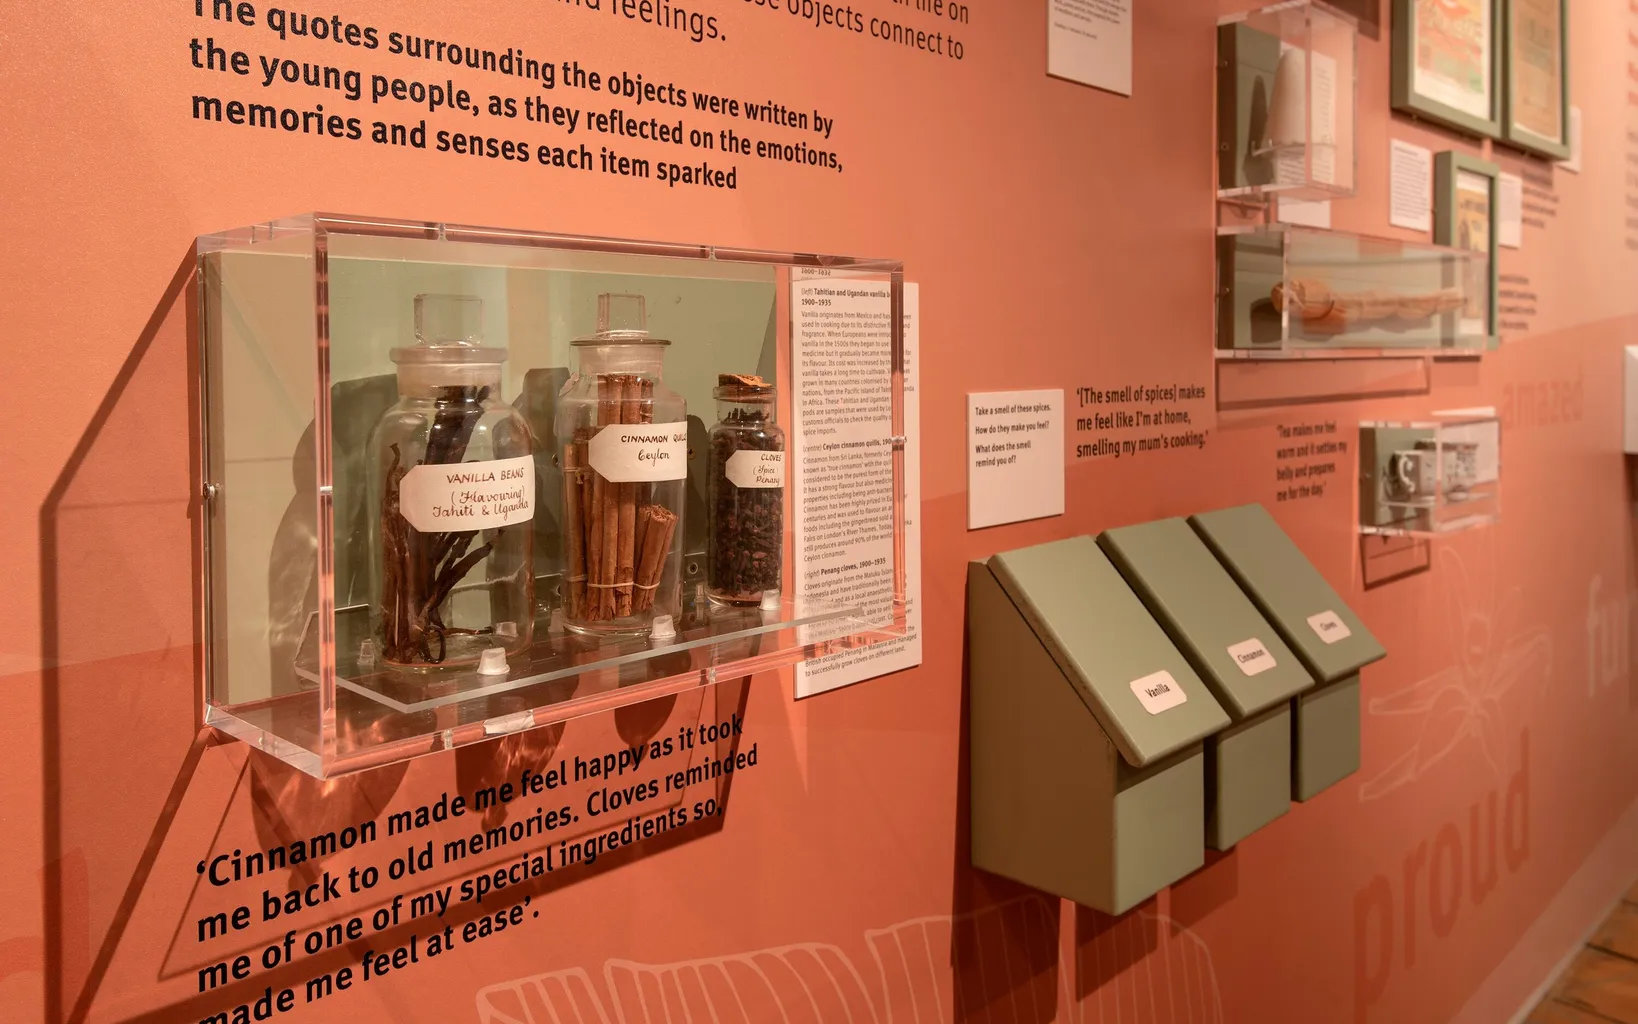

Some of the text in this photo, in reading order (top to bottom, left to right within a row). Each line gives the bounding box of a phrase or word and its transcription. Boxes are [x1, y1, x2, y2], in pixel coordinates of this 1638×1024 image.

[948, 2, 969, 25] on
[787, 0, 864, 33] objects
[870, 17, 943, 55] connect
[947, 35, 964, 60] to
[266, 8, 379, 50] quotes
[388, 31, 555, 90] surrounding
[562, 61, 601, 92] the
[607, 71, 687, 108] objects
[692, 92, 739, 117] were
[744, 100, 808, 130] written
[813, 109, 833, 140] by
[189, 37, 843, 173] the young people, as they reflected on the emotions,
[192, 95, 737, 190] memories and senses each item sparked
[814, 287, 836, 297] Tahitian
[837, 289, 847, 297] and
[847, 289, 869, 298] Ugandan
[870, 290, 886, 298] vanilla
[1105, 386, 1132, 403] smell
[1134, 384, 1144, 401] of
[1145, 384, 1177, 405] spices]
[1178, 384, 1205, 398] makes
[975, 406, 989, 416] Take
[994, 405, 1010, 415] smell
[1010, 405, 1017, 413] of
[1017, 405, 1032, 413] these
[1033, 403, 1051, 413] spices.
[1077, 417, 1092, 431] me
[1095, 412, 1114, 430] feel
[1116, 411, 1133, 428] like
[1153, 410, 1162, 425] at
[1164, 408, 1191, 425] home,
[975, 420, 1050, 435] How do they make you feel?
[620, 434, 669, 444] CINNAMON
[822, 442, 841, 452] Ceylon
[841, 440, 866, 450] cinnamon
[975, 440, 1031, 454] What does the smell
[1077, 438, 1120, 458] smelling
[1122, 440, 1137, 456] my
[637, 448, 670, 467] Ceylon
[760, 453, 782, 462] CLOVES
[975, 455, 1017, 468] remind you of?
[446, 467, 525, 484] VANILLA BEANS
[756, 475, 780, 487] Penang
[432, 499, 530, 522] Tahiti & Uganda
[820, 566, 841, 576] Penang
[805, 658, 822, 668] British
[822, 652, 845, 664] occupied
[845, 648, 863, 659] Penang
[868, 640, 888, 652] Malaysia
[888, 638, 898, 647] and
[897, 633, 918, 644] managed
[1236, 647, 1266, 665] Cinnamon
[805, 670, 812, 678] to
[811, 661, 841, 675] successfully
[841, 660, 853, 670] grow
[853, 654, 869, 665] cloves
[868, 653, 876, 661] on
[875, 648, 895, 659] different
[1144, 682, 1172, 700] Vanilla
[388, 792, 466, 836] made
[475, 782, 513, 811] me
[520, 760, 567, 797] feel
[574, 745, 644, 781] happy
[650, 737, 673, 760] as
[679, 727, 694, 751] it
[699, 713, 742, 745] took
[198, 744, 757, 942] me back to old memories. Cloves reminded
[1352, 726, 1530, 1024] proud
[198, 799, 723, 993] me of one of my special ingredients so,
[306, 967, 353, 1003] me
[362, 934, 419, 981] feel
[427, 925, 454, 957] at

━━━━━━━━━━━━━━━━

What you are asked to do: Show all lines above that contain "feel".

Your solution:
[1095, 412, 1114, 430] feel
[975, 420, 1050, 435] How do they make you feel?
[520, 760, 567, 797] feel
[362, 934, 419, 981] feel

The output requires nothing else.